HOW TO COMPLETE THIS TASK: For every entry, output the exact wording.

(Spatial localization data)
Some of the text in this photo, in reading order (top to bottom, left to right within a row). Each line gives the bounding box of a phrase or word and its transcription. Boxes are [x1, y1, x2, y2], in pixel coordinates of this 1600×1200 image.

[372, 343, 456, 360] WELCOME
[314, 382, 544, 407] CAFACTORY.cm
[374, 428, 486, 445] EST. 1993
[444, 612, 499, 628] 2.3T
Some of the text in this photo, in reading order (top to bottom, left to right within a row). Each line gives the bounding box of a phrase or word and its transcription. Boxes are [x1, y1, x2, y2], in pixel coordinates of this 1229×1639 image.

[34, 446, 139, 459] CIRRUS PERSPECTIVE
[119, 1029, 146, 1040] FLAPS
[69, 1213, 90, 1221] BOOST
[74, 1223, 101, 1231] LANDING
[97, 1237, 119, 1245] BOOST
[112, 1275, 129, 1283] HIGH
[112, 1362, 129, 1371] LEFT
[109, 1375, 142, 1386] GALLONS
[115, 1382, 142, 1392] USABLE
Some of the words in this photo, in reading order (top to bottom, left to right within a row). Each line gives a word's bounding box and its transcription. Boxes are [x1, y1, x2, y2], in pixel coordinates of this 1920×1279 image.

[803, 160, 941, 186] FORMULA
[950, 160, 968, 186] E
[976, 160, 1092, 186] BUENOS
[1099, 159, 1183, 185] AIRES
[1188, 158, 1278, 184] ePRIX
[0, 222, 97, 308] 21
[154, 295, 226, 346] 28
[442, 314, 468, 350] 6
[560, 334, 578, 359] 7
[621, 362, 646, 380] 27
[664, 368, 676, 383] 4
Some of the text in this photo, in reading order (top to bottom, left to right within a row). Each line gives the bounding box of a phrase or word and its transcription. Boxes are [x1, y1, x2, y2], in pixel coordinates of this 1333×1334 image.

REPLY TO THE TASK:
Some of the text in this photo, in reading order (top to bottom, left to right within a row). Each line gives the bounding box of a phrase or word and its transcription. Boxes are [x1, y1, x2, y2], in pixel coordinates of this 1600×1200 image.

[372, 343, 456, 360] WELCOME
[314, 382, 544, 407] CAFACTORY.cm
[374, 428, 486, 445] EST. 1993
[444, 612, 499, 628] 2.3T
Some of the text in this photo, in reading order (top to bottom, left to right within a row). Each line gives the bounding box of a phrase or word and its transcription. Boxes are [x1, y1, x2, y2], in pixel coordinates of this 1229×1639 image.

[34, 446, 139, 459] CIRRUS PERSPECTIVE
[119, 1029, 146, 1040] FLAPS
[69, 1213, 90, 1221] BOOST
[74, 1223, 101, 1231] LANDING
[97, 1237, 119, 1245] BOOST
[112, 1275, 129, 1283] HIGH
[112, 1362, 129, 1371] LEFT
[109, 1375, 142, 1386] GALLONS
[115, 1382, 142, 1392] USABLE
Some of the words in this photo, in reading order (top to bottom, left to right within a row). Each line gives a word's bounding box and its transcription. Boxes are [x1, y1, x2, y2], in pixel coordinates of this 1920×1279 image.

[803, 160, 941, 186] FORMULA
[950, 160, 968, 186] E
[976, 160, 1092, 186] BUENOS
[1099, 159, 1183, 185] AIRES
[1188, 158, 1278, 184] ePRIX
[0, 222, 97, 308] 21
[154, 295, 226, 346] 28
[442, 314, 468, 350] 6
[560, 334, 578, 359] 7
[621, 362, 646, 380] 27
[664, 368, 676, 383] 4
Some of the text in this photo, in reading order (top to bottom, left to right within a row). Each line gives the bounding box of a phrase or word and its transcription. Boxes are [x1, y1, x2, y2], in pixel coordinates of this 1333×1334 image.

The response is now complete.